[Referring expression grounding data]

# # # #

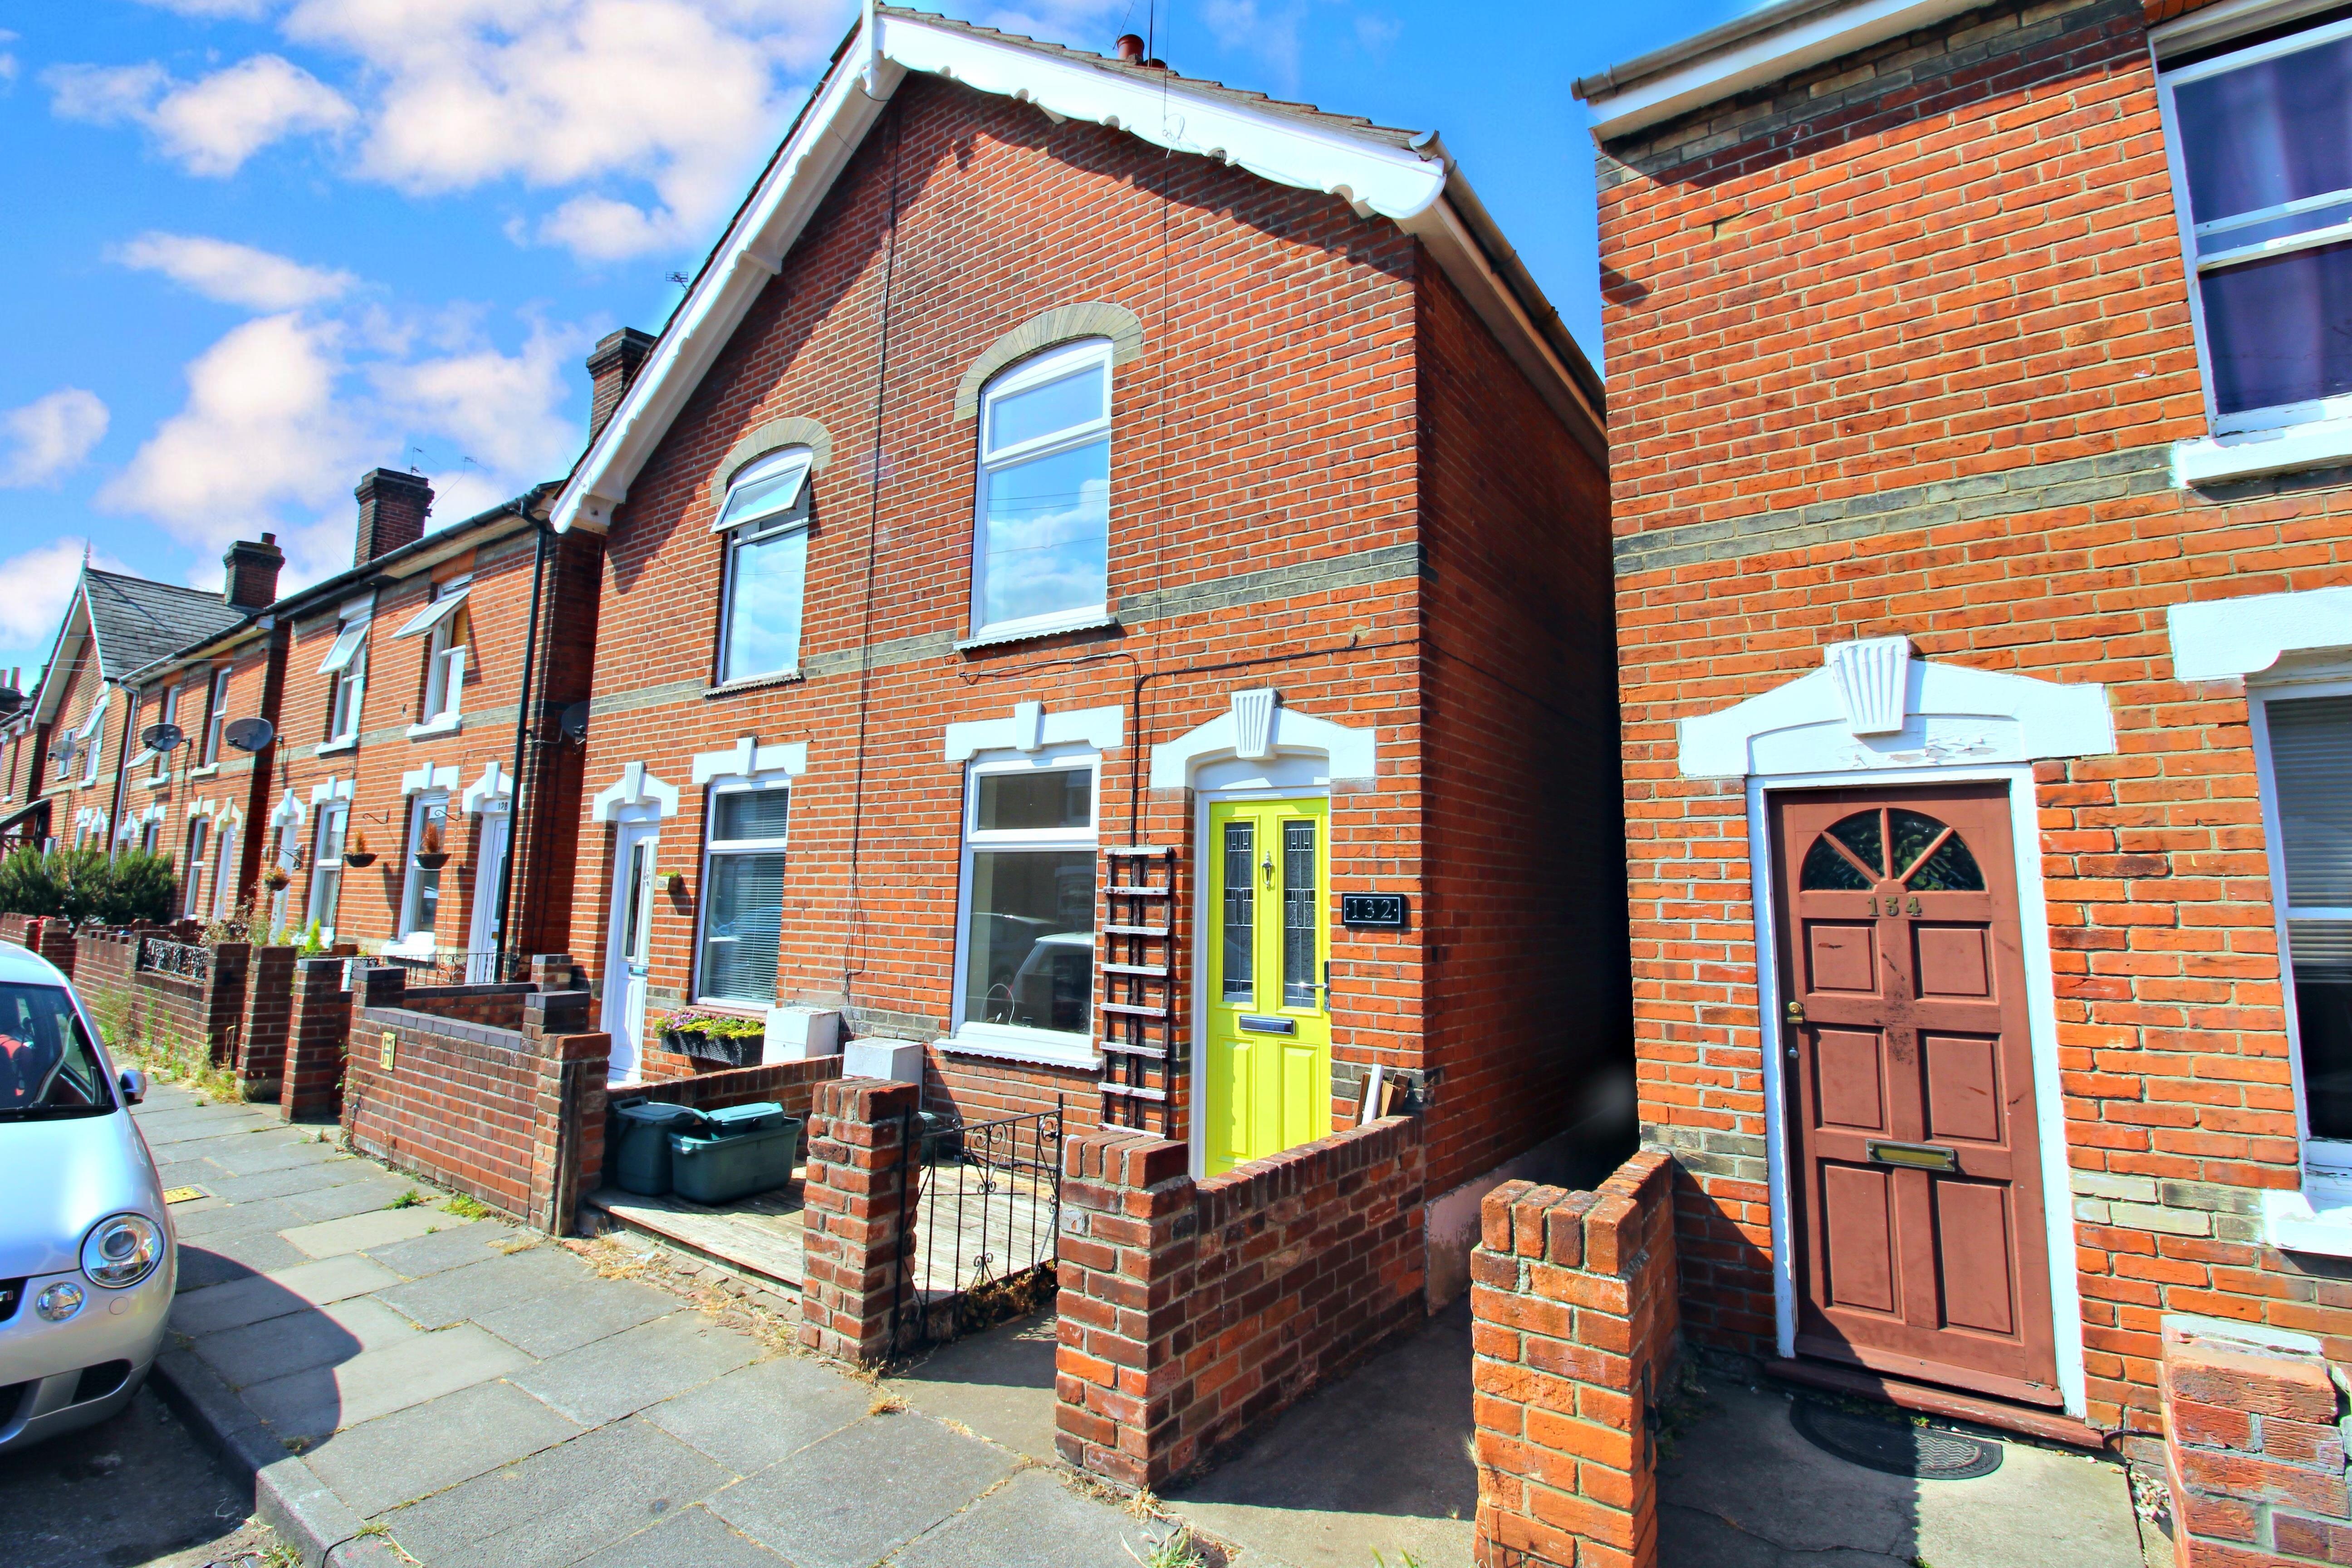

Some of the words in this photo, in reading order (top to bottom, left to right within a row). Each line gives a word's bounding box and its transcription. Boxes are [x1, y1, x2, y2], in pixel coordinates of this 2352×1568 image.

[499, 802, 508, 810] 128
[1352, 899, 1392, 919] 132
[1867, 897, 1922, 916] 134
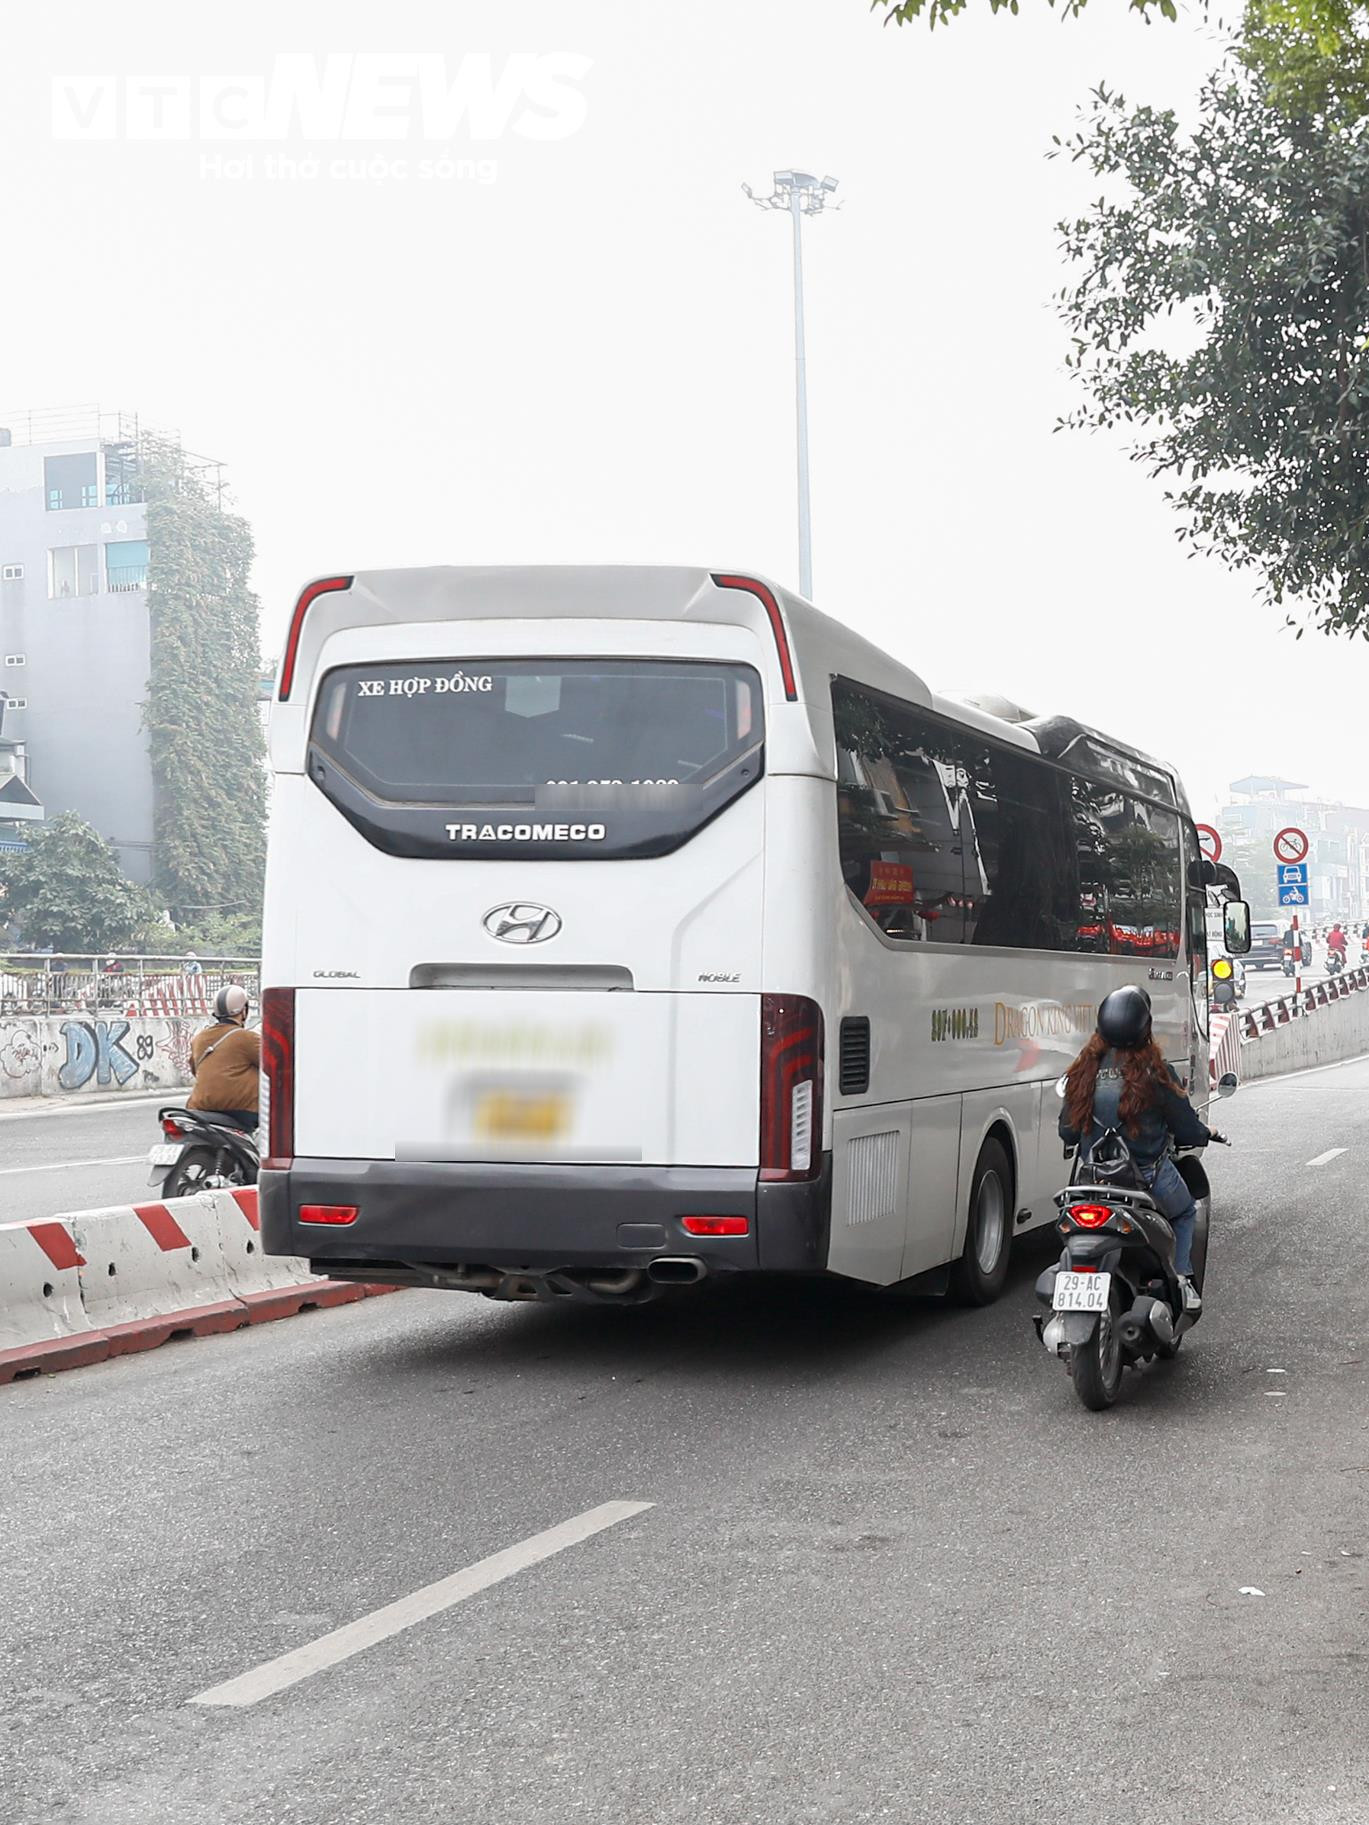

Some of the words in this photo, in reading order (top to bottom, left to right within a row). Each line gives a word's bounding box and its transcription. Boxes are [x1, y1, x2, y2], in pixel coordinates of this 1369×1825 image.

[358, 679, 385, 697] XE
[389, 676, 431, 698] HỢP
[435, 669, 493, 694] ĐỒNG
[445, 823, 606, 842] TRACOMECO
[58, 1021, 140, 1090] DK
[136, 1035, 155, 1061] 89
[1063, 1275, 1102, 1291] 29-AC
[1057, 1292, 1103, 1308] 814.04
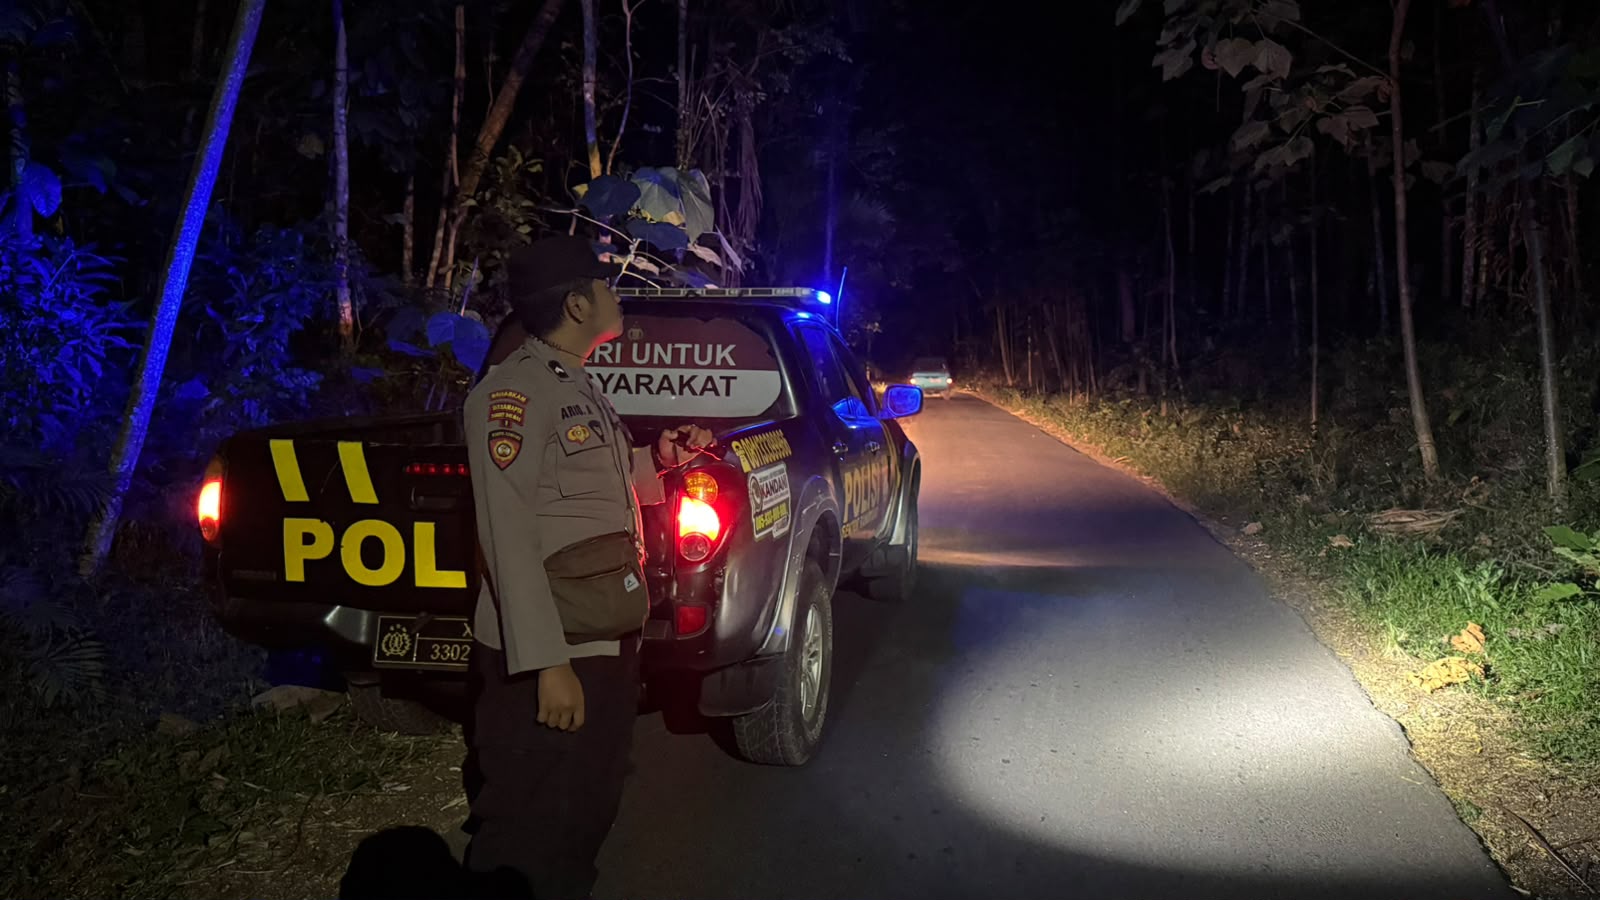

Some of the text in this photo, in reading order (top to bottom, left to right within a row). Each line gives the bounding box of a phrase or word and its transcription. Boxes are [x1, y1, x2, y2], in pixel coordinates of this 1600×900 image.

# # # #

Copy all the records above exactly, but leave out the pictures.

### Solution below:
Some of the words in this photo, in reading order (top to bottom, left to right within a row). Each line gives a word's bounding box and its transcription. Boxes are [x1, y1, x2, y2], in pixel coordinates of this 2352×1568 image.

[499, 802, 508, 810] 128
[1352, 899, 1392, 919] 132
[1867, 897, 1922, 916] 134

Some of the words in this photo, in reading order (top to bottom, left to right within a row). Each line gives a word's bounding box and its transcription. Boxes are [x1, y1, x2, y2], in pixel coordinates of this 1369×1825 image.

[358, 679, 385, 697] XE
[389, 676, 431, 698] HỢP
[435, 669, 493, 694] ĐỒNG
[445, 823, 606, 842] TRACOMECO
[58, 1021, 140, 1090] DK
[136, 1035, 155, 1061] 89
[1063, 1275, 1102, 1291] 29-AC
[1057, 1292, 1103, 1308] 814.04

Some of the text in this photo, in reading order (top to bottom, left to right within a row). Each line gives the bounding box of a phrase or word and its transcription. Boxes are [x1, y1, x2, y2], in pixel coordinates of this 1600×900 image.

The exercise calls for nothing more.